How to beat confirmation bias in any given domain

Confirmation bias is a disease where the afflicted is looking for information that confirms his or her hypothesis rather than trying to contradict it. At present time, it is estimated that the whole of humanity is effected by it. Why is confirmation bias a problem? For one thing, looking for confirming evidence doesn't make you learn new things about the world. Since the world is pretty big, and humans are generally small, this is a problem.

Part one

Let's look at the opposite of confirmation bias: the scientific method. The scientific method is a very clever set of tools for figuring out things about the world, or at least parts of it. What it boils down to is basically putting up a hypotheses - the stronger the better - and a list of assumptions, and then try your best to prove the hypothesis false. If you have done that for a while, in an imaginative and honest enough fashion, you get some sense of whether the hypothesis is correct or not. If you are lucky, you might even make a theory out of it (something which seems to be likely to be true, given our current understanding of things), and if you are a bit less lucky, well, then you at least know something that you didn't before - that the hypothesis was false!

It took a while for humans to figure out the scientific method and how to learn things about the world (other than what is right in front of them). It wasn't only about finding the right method of course - a statement like that would be a hypothesis in itself - but about many other things, like possibility of trial and error, tools, the right type of culture, etc. Still: the scientific method is pretty darn useful. But where is it used? In science! And if you look carefully (let's not be too cynical here), not even in all parts of science.

It seems like the domain where the Method is applied matters a lot. In some domains, like art, it doesn't make any sense at all. But in others, like psychology or sociology, it is probably the right tool to use.

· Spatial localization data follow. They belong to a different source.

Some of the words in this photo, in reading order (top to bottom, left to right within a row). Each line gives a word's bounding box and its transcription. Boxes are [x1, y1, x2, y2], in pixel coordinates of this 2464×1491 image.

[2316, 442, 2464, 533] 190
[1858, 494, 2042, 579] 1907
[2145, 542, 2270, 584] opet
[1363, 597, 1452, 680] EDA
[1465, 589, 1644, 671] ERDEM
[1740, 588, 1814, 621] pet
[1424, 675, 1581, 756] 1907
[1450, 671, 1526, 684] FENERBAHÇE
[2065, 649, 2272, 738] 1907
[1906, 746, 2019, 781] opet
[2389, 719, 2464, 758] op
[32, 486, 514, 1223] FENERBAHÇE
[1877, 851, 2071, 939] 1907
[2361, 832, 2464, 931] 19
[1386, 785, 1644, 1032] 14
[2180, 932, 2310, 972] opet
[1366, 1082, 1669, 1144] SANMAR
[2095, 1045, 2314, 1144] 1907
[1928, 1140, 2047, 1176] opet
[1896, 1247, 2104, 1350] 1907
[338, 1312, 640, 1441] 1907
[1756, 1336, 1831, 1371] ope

What about other domains, like your mental model of another person? Or validating if a business model would work? Or debugging code?

For any given domain, it takes a while to learn how to use the Method and perform experiments in the right way. In parts of physics I imagine it being quite straight-forward, but in, for example, personal relationship I think most of us find it hard, not to mention unusual. We know the recipe though. By focusing on a single domain, and listing out your assumptions, hypothesis and ways to try to falsify your hypothesis, it seems likely that it can be done.

Part two

However, let's be realistic. We are claiming here that we can choose a domain, and then beat confirmation bias in that domain. This is our hypothesis. We are assuming that people can read instructions and then follow them, not just in the moment, but for an undetermined amount of time! This is a claim to be very suspicious of. Another assumption is that we are even operating in the same frame of mind when we read something and think about it, and when we are right in the middle of something.

One single instance of using confirmation bias in this domain after following this article would be enough to falsify the hypothesis. And you can probably guess what will happen: you will get excited a while because you can finally be the rational person you pride yourself on being, if only in a given domain. In a couple of days time you'll, if you even bother to notice, fall prey to confirmation bias once again.

Go ahead, test it. Take a fresh piece of paper, or emacs buffer if thats your thing, and write "How I beat confirmation bias in <whatever-domain-you-wish> and then try as hard as you can to disprove that you beat it. Pay someone to follow you around, waiting for you to slip up and show signs of looking for confirming evidence. One single instance is enough to convince yourself that your hypothesis was false.

So our title is probably false, and merely acts as a way to get eyeballs. There's no good take-away lesson here. And that's that.